Сейчас, думаю, у спортсменов появилось больше возможностей как-то себя отвлечь, но в наше время, кроме тренировок, не было вообще ничего. До сих пор помню, как ходила с мамой в кино. Три раза за всю свою детскую жизнь. У тебя нет друзей-подружек, потому что с кем-то дружить в спорте просто не получается. Понятно, что бывают исключения, но в подавляющем большинстве случаев это именно так.
— Знаю, вас сильно задели слова Алексея Мишина о том, что родители «плохо любят» своих детей, когда те недостаточно стараются на тренировках.
— Но ведь это действительно так. И ты, получается, постоянно живёшь с ощущением, что тебя никто не любит. Не можешь пожаловаться, не можешь высказаться, не говоря уже о том, чтобы найти сочувствие. Тебе постоянно говорят: «Работай! Всё остальное будет потом». Удовольствия, свободное время, кино, рестораны, личная жизнь, счастье — вообще всё. А потом спорт заканчивается — и ты понимаешь, что вся та жизнь, к которой ты привык и которую ты знаешь, осталась в прошлом и никакой другой жизни у тебя вообще нет. Тебя никто к ней не готовил, не объяснял, что всё, вообще-то, может быть по-другому.
В словах Мишина я как бы услышала именно этот очень глубокий подтекст.
— Это вообще очень непростая тема — спортивные дети и их родители, реализующие собственные амбиции через своего ребёнка.
— Тоже часто думаю об этом.

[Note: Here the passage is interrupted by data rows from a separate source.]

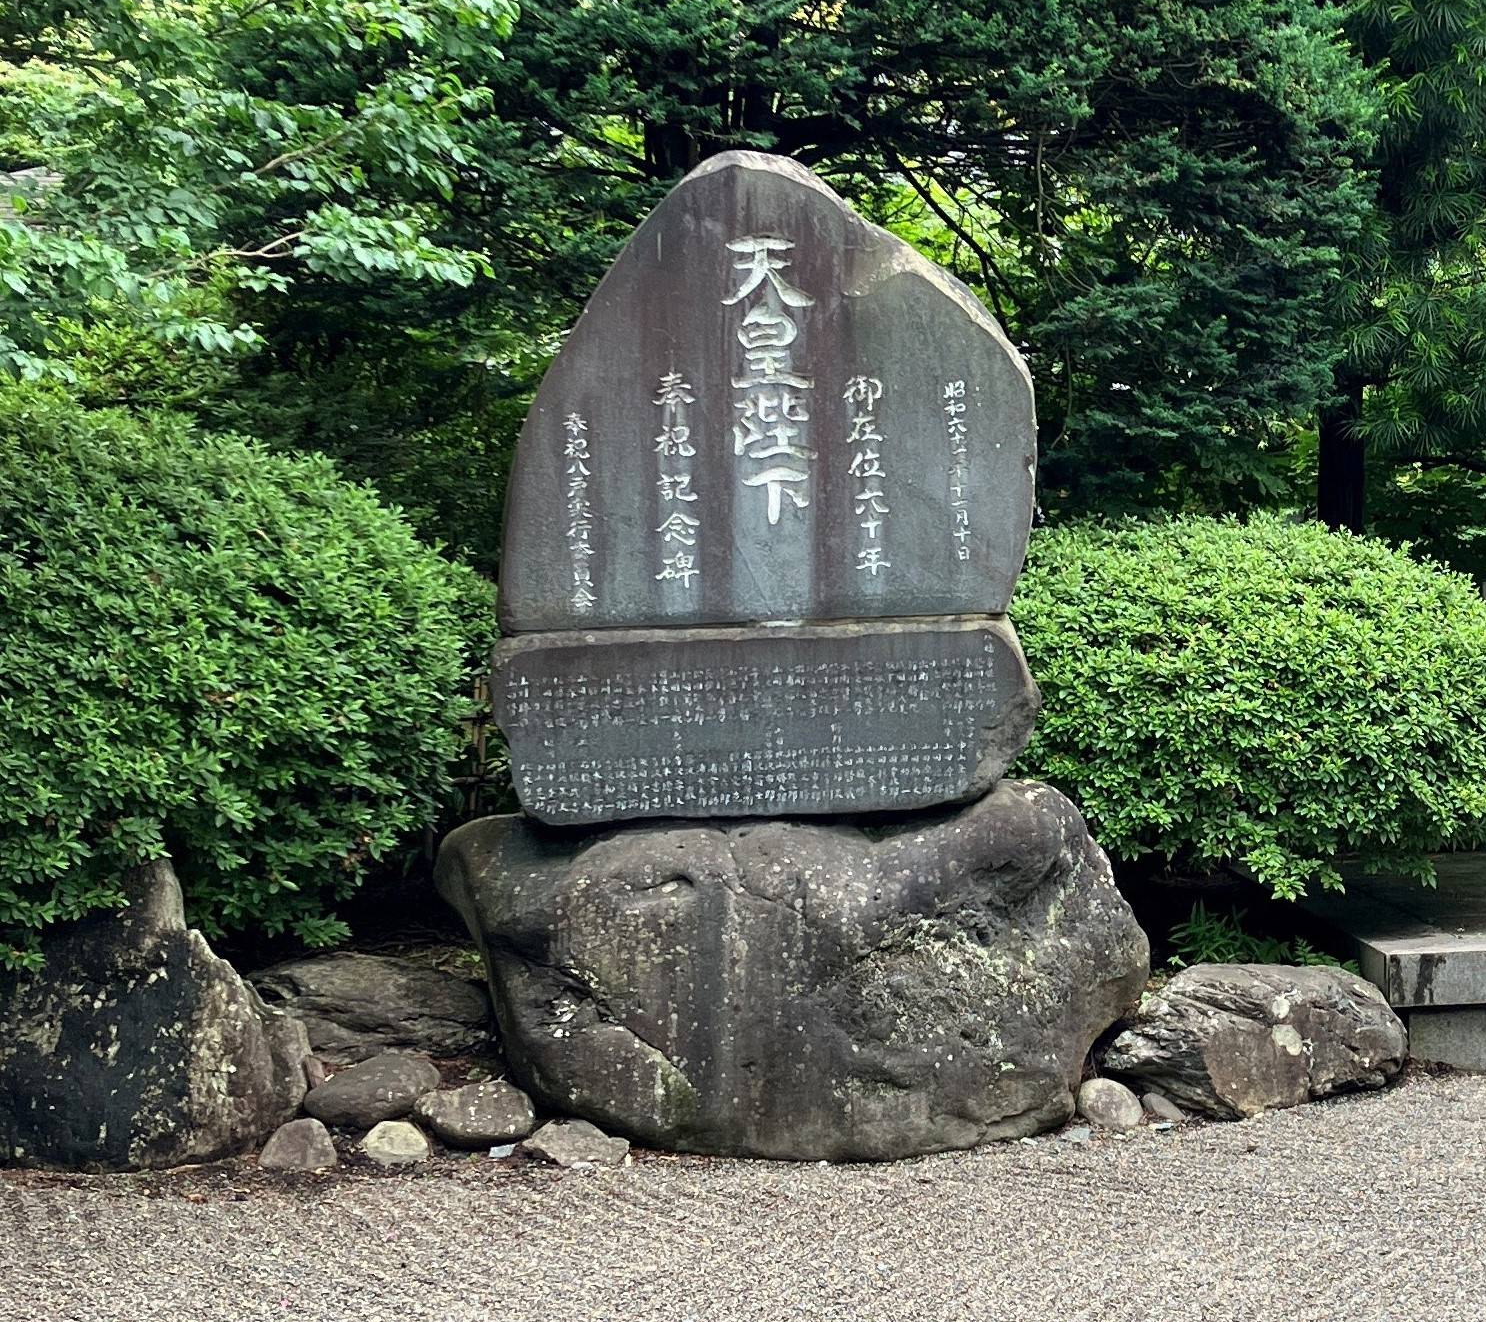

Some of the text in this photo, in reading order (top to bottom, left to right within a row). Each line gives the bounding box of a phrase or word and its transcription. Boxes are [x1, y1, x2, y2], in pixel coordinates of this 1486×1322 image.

[652, 371, 701, 588] 奉祝記念碑
[721, 235, 818, 526] 天皇陛下
[842, 375, 892, 576] 御在位六十年
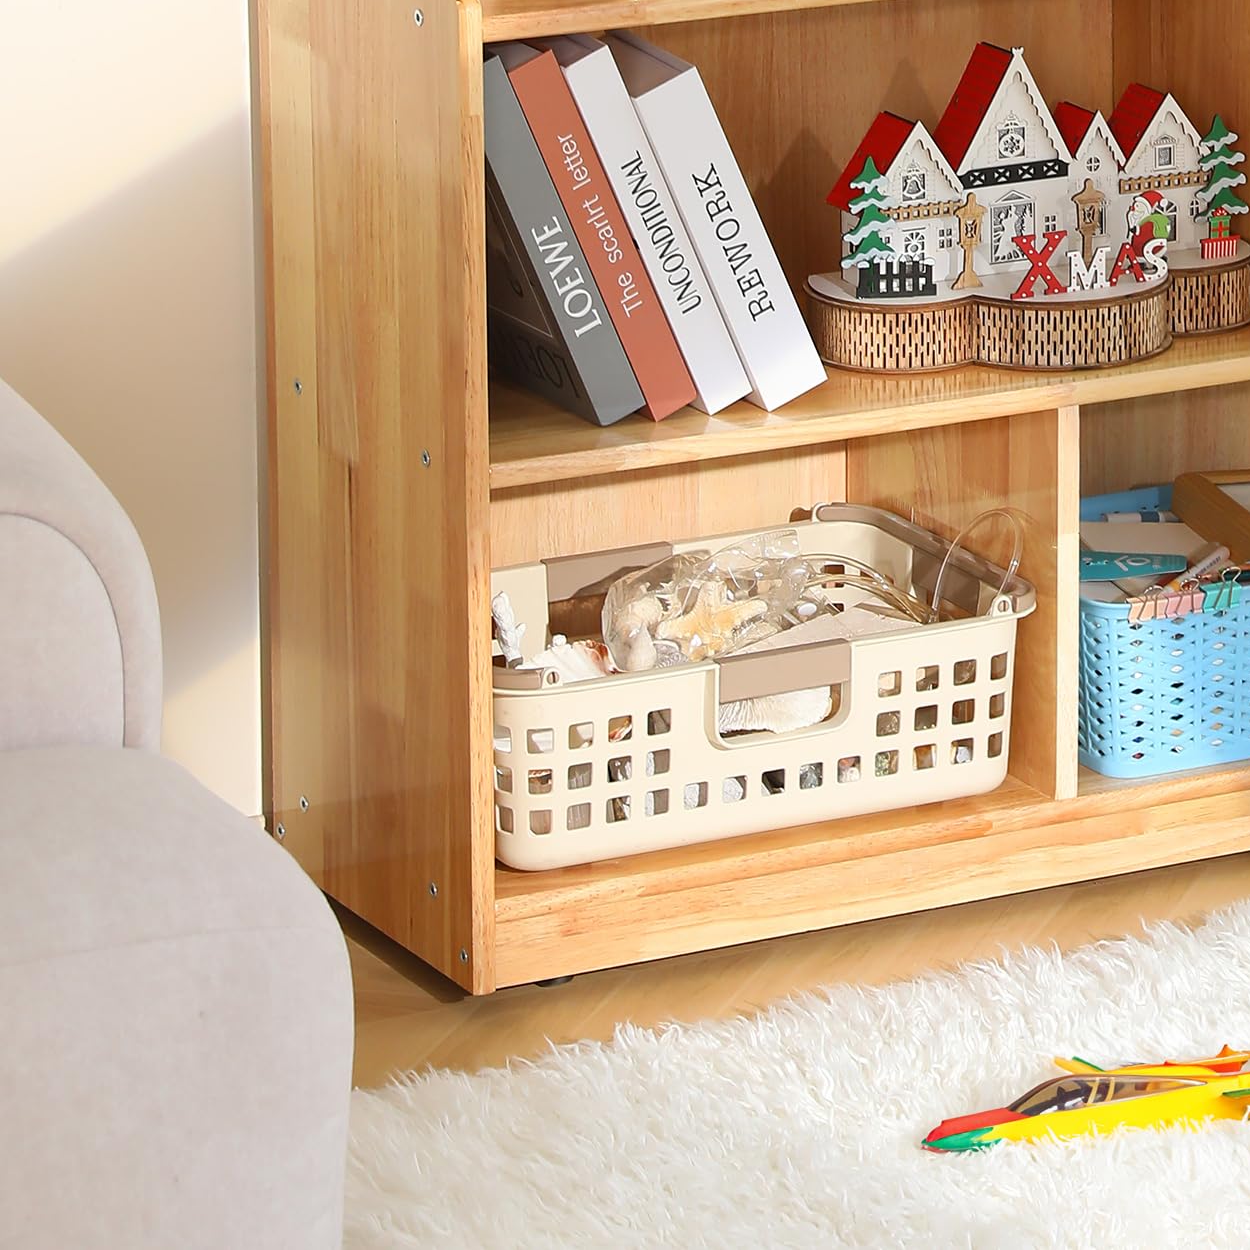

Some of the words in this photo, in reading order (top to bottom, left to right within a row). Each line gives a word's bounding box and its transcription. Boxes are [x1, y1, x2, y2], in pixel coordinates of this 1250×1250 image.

[557, 133, 592, 191] letter
[582, 194, 623, 264] scarlrt
[620, 149, 702, 315] UNCONDITIONAL
[691, 162, 776, 323] REWORK
[1009, 229, 1169, 301] XMAS
[531, 215, 602, 338] LOEWE
[618, 271, 643, 318] The
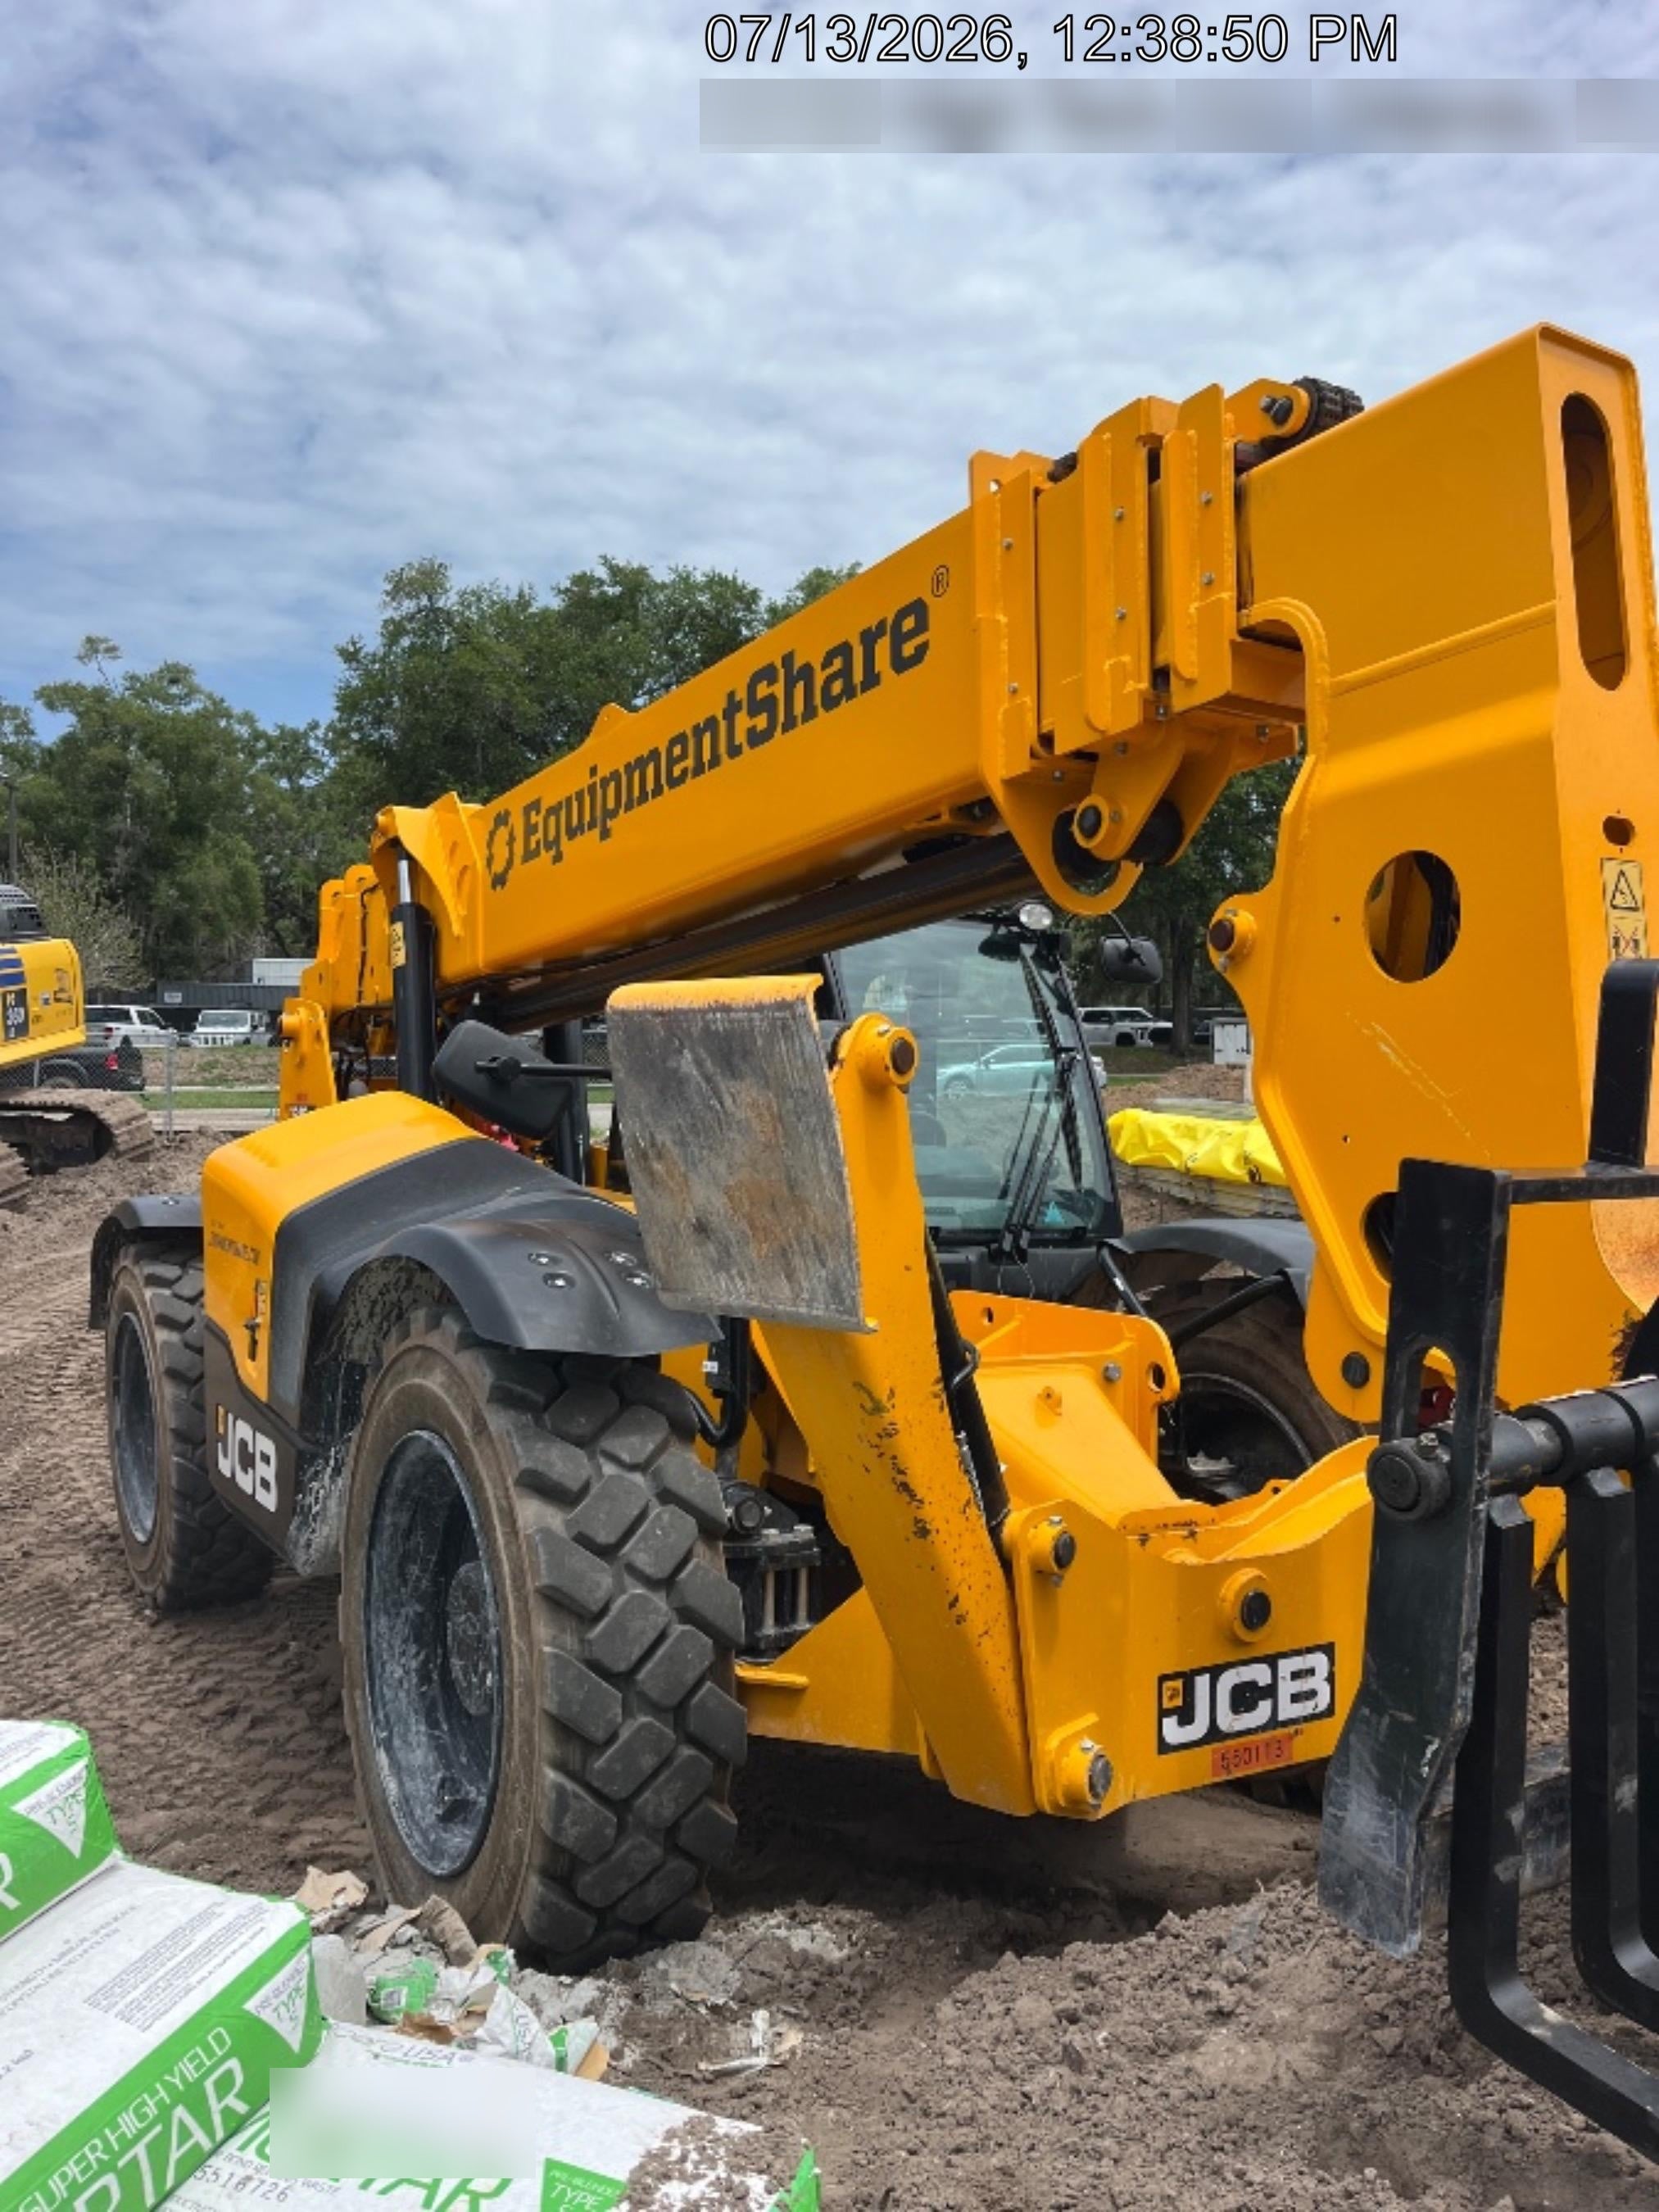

Особенно когда совсем малышей спрашивают, кем они хотят стать, а они, накрученные собственными родителями, отвечают: «Олимпийским чемпионом». Так и хочется спросить: «Что ты знаешь об этом? Ты видел хоть одно выступление олимпийского чемпиона, знаешь, на что приходится идти ради этого?» А главное, что стать олимпийским чемпионом и стать счастливым — это совершенно разные вещи. Даже если выиграл, в момент победы редко кто реально испытывает ощущение счастья. Скорее опустошение и растерянность: «А что теперь?»
Почему-то сейчас, когда я сама стала мамой, часто вспоминаю, как вы рассказывали, что дали младшей дочке возможность самой решить, что она хочет, и она бросила гимназию — ушла в художественную школу, о которой мечтала много лет, и полностью себя реализовала в этой области. Хотя, наверное, в тот момент вы тоже должны были в своём ребёнке разочароваться.
— Если честно, разочарование поначалу было сильным.
— Но вы же тем не менее дали ей этот шанс? Так и в нашем случае. Привлекать детей к спектаклям только потому, что этим занимаемся мы сами, точно не станем. Хотя Мир очень любит выходить на сцену, когда кулисы уже закрыты. Танцует, делает какие-то трюки. И если когда-нибудь он захочет сделать сцену своей профессией — почему нет?